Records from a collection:
BEGIN
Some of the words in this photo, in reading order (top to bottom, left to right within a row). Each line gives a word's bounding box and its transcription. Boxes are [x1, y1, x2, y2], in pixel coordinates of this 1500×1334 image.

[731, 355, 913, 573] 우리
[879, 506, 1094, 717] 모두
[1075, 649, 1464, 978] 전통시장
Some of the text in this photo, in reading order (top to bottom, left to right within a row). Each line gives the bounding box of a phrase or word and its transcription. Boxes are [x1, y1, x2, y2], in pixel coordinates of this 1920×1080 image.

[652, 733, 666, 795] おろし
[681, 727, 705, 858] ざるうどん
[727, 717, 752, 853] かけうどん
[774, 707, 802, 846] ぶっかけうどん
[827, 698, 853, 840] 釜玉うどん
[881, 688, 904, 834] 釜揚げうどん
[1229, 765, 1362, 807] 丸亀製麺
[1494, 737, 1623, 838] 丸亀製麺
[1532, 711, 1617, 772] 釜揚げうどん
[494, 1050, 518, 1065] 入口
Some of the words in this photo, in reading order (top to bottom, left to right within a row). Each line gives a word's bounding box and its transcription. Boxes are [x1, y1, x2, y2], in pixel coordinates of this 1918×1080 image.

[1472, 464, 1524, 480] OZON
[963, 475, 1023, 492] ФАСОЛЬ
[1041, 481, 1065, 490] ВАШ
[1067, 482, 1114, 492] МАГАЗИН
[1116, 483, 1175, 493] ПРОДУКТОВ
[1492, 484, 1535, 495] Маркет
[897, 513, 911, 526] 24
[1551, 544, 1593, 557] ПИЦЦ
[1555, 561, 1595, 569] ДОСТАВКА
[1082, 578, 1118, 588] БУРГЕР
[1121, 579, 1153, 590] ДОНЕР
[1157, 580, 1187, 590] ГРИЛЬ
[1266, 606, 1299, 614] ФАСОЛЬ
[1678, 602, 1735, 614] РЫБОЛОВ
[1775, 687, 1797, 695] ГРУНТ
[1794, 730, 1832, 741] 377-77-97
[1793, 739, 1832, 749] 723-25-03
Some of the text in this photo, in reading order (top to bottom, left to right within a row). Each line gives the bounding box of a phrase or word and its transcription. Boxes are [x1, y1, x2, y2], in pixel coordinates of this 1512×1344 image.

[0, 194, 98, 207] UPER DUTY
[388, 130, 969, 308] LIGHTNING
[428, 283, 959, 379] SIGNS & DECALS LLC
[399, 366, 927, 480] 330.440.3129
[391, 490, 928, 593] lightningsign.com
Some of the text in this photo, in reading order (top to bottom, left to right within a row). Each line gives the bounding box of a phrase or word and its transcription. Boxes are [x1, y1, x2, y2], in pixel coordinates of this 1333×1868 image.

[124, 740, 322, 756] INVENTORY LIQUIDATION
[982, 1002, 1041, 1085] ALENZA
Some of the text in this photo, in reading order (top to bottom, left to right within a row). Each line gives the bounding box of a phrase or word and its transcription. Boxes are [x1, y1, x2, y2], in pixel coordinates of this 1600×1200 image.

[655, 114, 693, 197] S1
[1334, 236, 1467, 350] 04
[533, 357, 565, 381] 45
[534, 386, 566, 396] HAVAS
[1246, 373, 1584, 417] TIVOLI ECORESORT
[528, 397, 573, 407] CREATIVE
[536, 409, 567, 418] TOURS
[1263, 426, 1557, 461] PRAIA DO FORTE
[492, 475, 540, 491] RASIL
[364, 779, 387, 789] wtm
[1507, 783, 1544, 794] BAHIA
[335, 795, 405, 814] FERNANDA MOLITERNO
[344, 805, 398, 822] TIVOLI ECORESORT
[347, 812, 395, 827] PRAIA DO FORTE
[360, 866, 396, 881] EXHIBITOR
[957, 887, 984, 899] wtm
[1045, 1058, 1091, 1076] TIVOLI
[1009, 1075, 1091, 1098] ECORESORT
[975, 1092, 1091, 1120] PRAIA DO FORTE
END
## Required work:
Transcribe each record exactly as it is written above.

## Solved problem:
Some of the words in this photo, in reading order (top to bottom, left to right within a row). Each line gives a word's bounding box and its transcription. Boxes are [x1, y1, x2, y2], in pixel coordinates of this 1500×1334 image.

[731, 355, 913, 573] 우리
[879, 506, 1094, 717] 모두
[1075, 649, 1464, 978] 전통시장
Some of the text in this photo, in reading order (top to bottom, left to right within a row). Each line gives the bounding box of a phrase or word and its transcription. Boxes are [x1, y1, x2, y2], in pixel coordinates of this 1920×1080 image.

[652, 733, 666, 795] おろし
[681, 727, 705, 858] ざるうどん
[727, 717, 752, 853] かけうどん
[774, 707, 802, 846] ぶっかけうどん
[827, 698, 853, 840] 釜玉うどん
[881, 688, 904, 834] 釜揚げうどん
[1229, 765, 1362, 807] 丸亀製麺
[1494, 737, 1623, 838] 丸亀製麺
[1532, 711, 1617, 772] 釜揚げうどん
[494, 1050, 518, 1065] 入口
Some of the words in this photo, in reading order (top to bottom, left to right within a row). Each line gives a word's bounding box and its transcription. Boxes are [x1, y1, x2, y2], in pixel coordinates of this 1918×1080 image.

[1472, 464, 1524, 480] OZON
[963, 475, 1023, 492] ФАСОЛЬ
[1041, 481, 1065, 490] ВАШ
[1067, 482, 1114, 492] МАГАЗИН
[1116, 483, 1175, 493] ПРОДУКТОВ
[1492, 484, 1535, 495] Маркет
[897, 513, 911, 526] 24
[1551, 544, 1593, 557] ПИЦЦ
[1555, 561, 1595, 569] ДОСТАВКА
[1082, 578, 1118, 588] БУРГЕР
[1121, 579, 1153, 590] ДОНЕР
[1157, 580, 1187, 590] ГРИЛЬ
[1266, 606, 1299, 614] ФАСОЛЬ
[1678, 602, 1735, 614] РЫБОЛОВ
[1775, 687, 1797, 695] ГРУНТ
[1794, 730, 1832, 741] 377-77-97
[1793, 739, 1832, 749] 723-25-03
Some of the text in this photo, in reading order (top to bottom, left to right within a row). Each line gives the bounding box of a phrase or word and its transcription. Boxes are [x1, y1, x2, y2], in pixel coordinates of this 1512×1344 image.

[0, 194, 98, 207] UPER DUTY
[388, 130, 969, 308] LIGHTNING
[428, 283, 959, 379] SIGNS & DECALS LLC
[399, 366, 927, 480] 330.440.3129
[391, 490, 928, 593] lightningsign.com
Some of the text in this photo, in reading order (top to bottom, left to right within a row). Each line gives the bounding box of a phrase or word and its transcription. Boxes are [x1, y1, x2, y2], in pixel coordinates of this 1333×1868 image.

[124, 740, 322, 756] INVENTORY LIQUIDATION
[982, 1002, 1041, 1085] ALENZA
Some of the text in this photo, in reading order (top to bottom, left to right within a row). Each line gives the bounding box of a phrase or word and its transcription. Boxes are [x1, y1, x2, y2], in pixel coordinates of this 1600×1200 image.

[655, 114, 693, 197] S1
[1334, 236, 1467, 350] 04
[533, 357, 565, 381] 45
[534, 386, 566, 396] HAVAS
[1246, 373, 1584, 417] TIVOLI ECORESORT
[528, 397, 573, 407] CREATIVE
[536, 409, 567, 418] TOURS
[1263, 426, 1557, 461] PRAIA DO FORTE
[492, 475, 540, 491] RASIL
[364, 779, 387, 789] wtm
[1507, 783, 1544, 794] BAHIA
[335, 795, 405, 814] FERNANDA MOLITERNO
[344, 805, 398, 822] TIVOLI ECORESORT
[347, 812, 395, 827] PRAIA DO FORTE
[360, 866, 396, 881] EXHIBITOR
[957, 887, 984, 899] wtm
[1045, 1058, 1091, 1076] TIVOLI
[1009, 1075, 1091, 1098] ECORESORT
[975, 1092, 1091, 1120] PRAIA DO FORTE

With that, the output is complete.